Between 5% and 20% of individuals struggling with anorexia nervosa will die, making it the deadliest psychiatric illness. The anorexia mortality rate of 5.86% is dramatically higher than that of schizophrenia, which increases the risk of death 2.8-fold in males and females and bipolar disorder, which increases death risk 1.9-fold in males and 2.1-fold in females. Anorexia nervosa involves self-starvation. The body is denied the essential nutrients it needs to function normally, so it is forced to slow down all of its processes to conserve energy. This “slowing down” can have serious medical consequences:

  • Abnormally slow heart rate and low blood pressure, which mean that the heart muscle is changing. The risk for heart failure rises as heart rate and blood pressure levels sink lower and lower.
  • Fainting, fatigue, and overall weakness.
  • Dry hair and skin, hair loss is common.
  • Reduction of bone density (osteopenia and osteoporosis), which results in dry, brittle bones.
  • Muscle loss and weakness.
  • Severe dehydration, which can result in kidney failure.
  • Growth of a downy layer of hair, or lanugo, all over the body, including the face, in an effort to keep the body warm.
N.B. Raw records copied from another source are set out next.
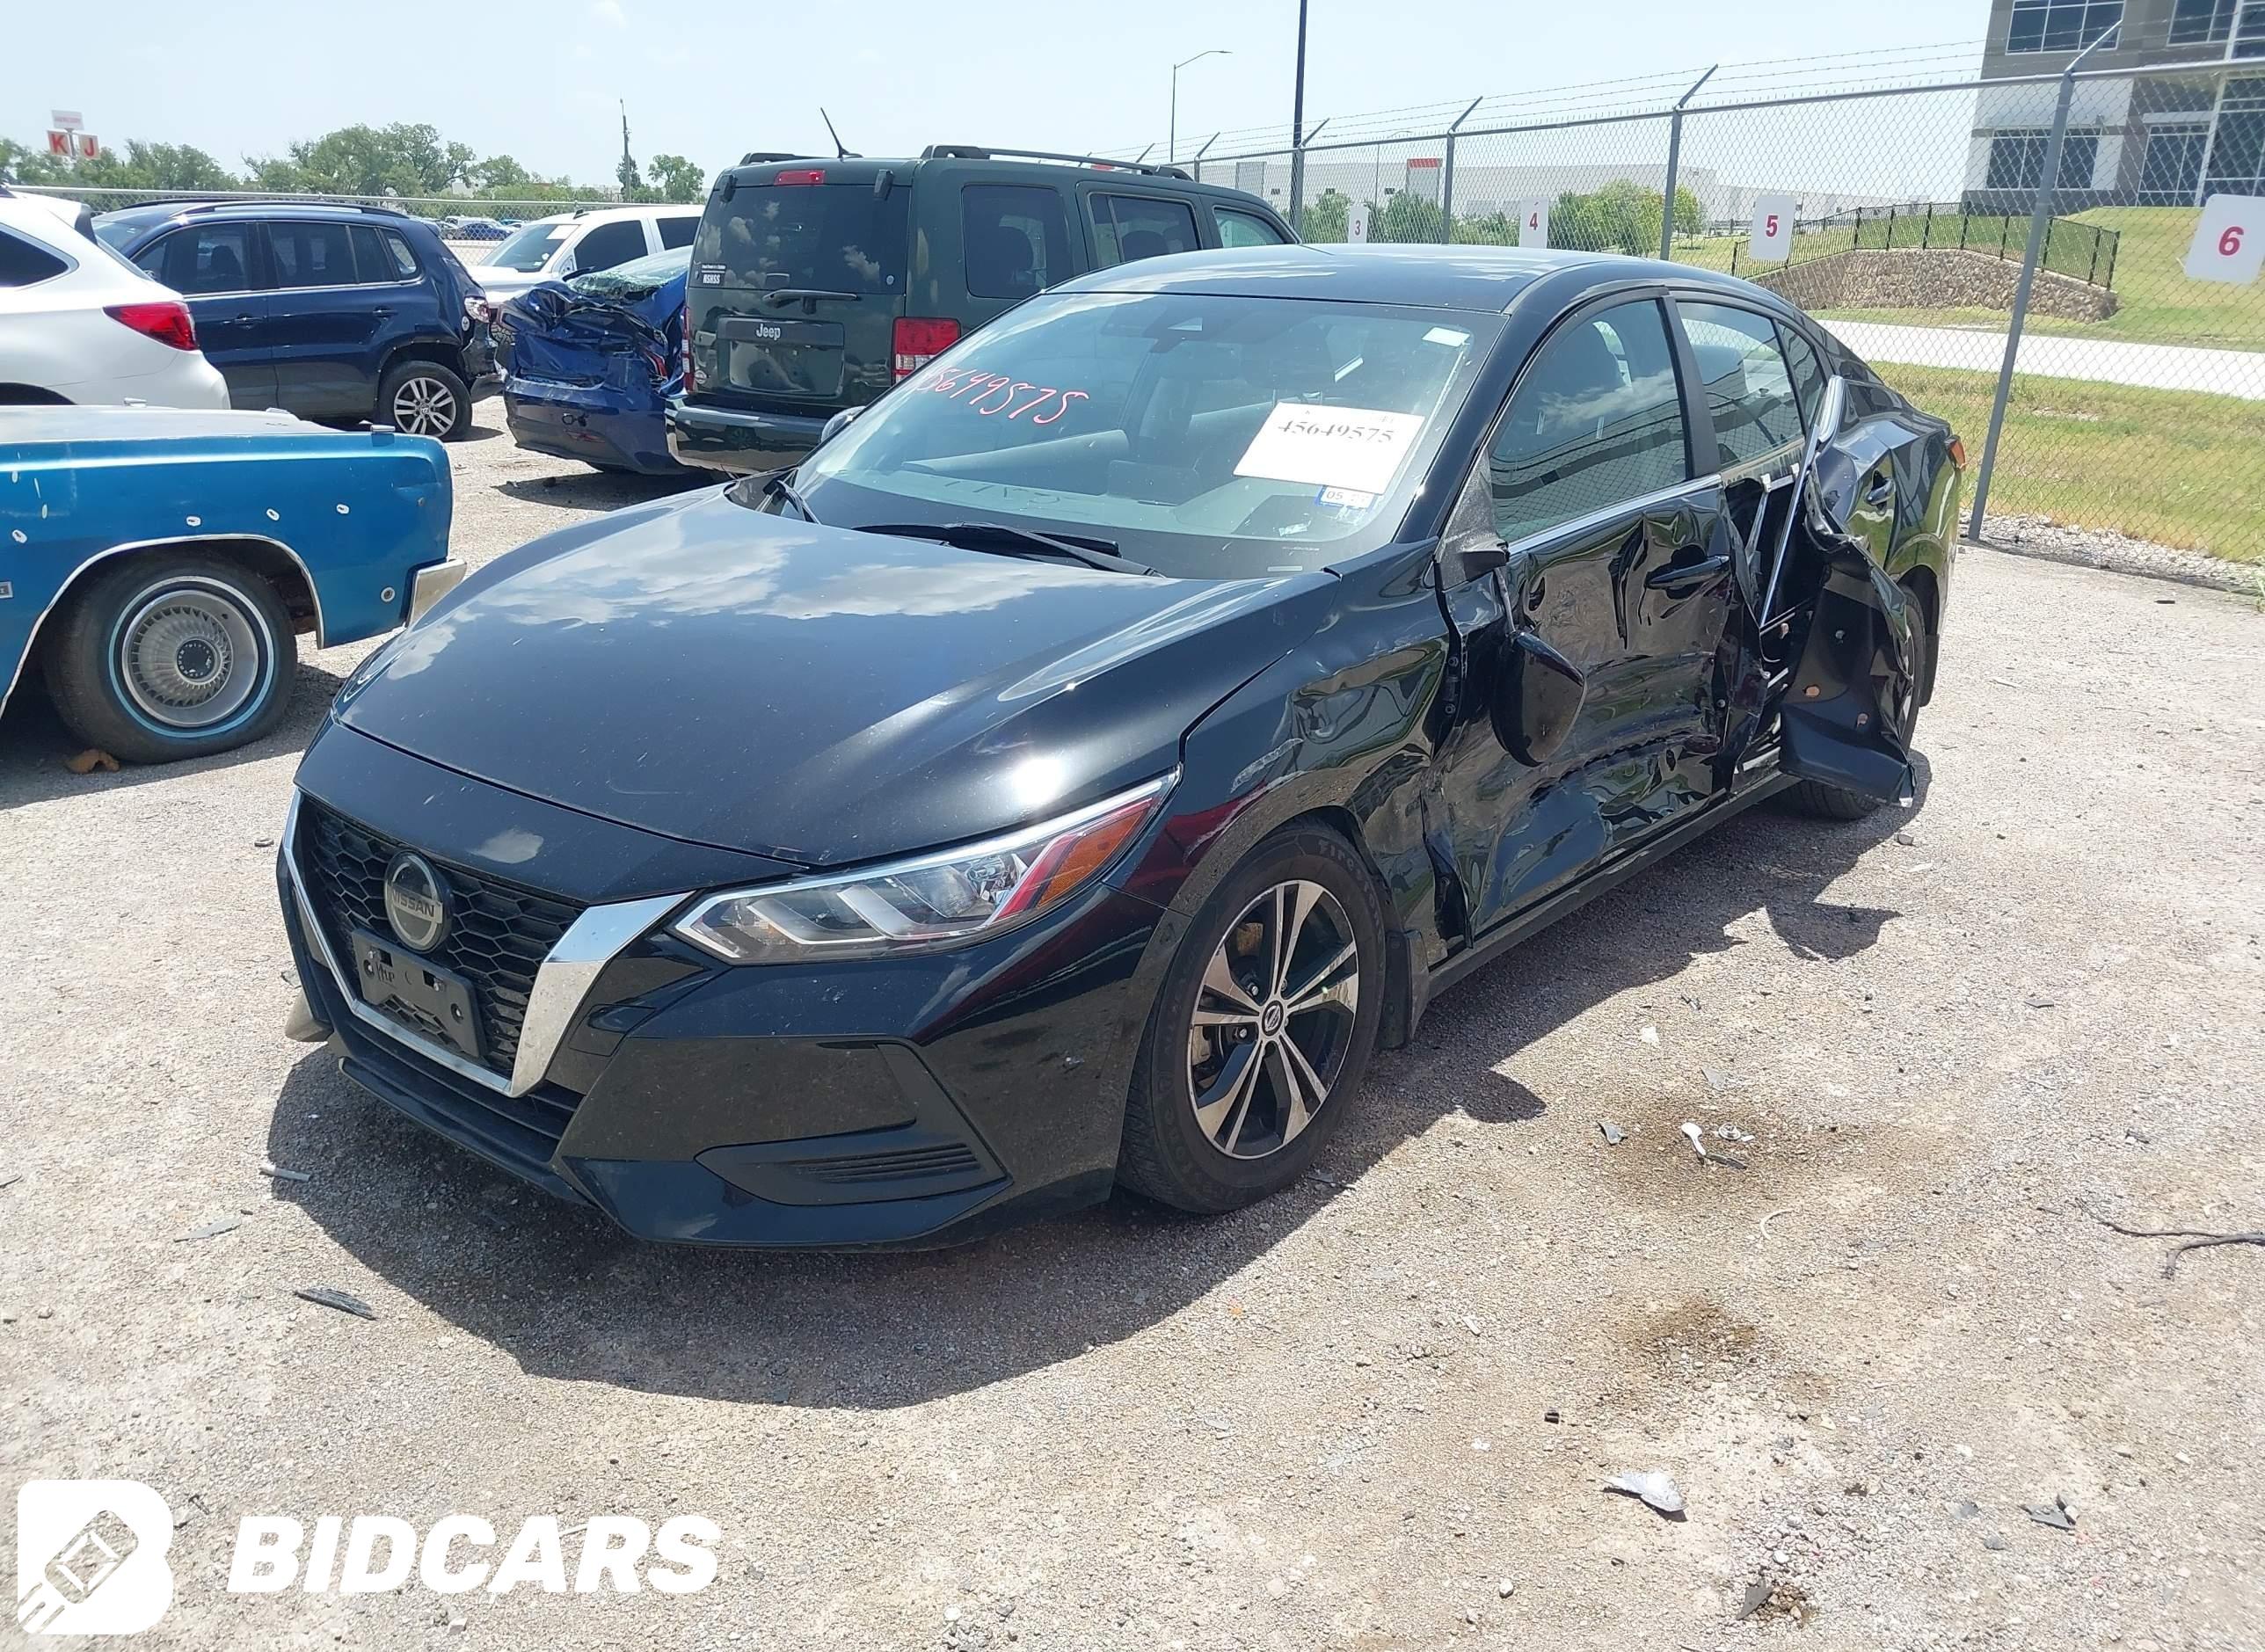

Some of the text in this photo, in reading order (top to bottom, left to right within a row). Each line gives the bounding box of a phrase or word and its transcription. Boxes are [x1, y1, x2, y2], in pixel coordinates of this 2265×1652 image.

[50, 133, 94, 156] K J
[1354, 220, 1361, 236] 3
[1529, 212, 1538, 230] 4
[1766, 215, 1779, 237] 5
[2218, 226, 2244, 256] 6
[756, 323, 781, 341] Jeep
[1278, 420, 1395, 443] 45649575
[1326, 491, 1344, 500] 05
[393, 891, 434, 918] NISSAN
Weight restoration is the priority with these patients, who have serious health repercussions from malnutrition, such as an erratic heart rate and fluid and electrolyte disorders. Treatment includes three main portions:

  • Medical: The highest priority in the treatment of anorexia nervosa is addressing any serious health issues that may have resulted from malnutrition.
  • Nutritional: This component encompasses weight restoration, implementation and supervision of a tailored meal plan, and education about normal eating patterns.
  • Psychotherapy: As the Academy for Eating Disorders (AED) notes, the goal of psychotherapy is to recognize underlying issues associated with the eating disorder, address and heal from traumatic life events, learn healthier coping skills and further develop the capacity to express and deal with emotions. There are several different types of outpatient psychotherapies with demonstrated effectiveness in patients with eating disorders. These include cognitive-behavioral therapy, or CBT, interpersonal psychotherapy, and family therapy. Some of these therapies may be used for a short time, but other therapies other psychotherapies may last years. It is very difficult to predict who will respond to short-term treatments versus longer term treatments. Other therapies which some clinicians and patients have found to be useful include feminist therapies, psychodynamic psychotherapies and various types of group therapy.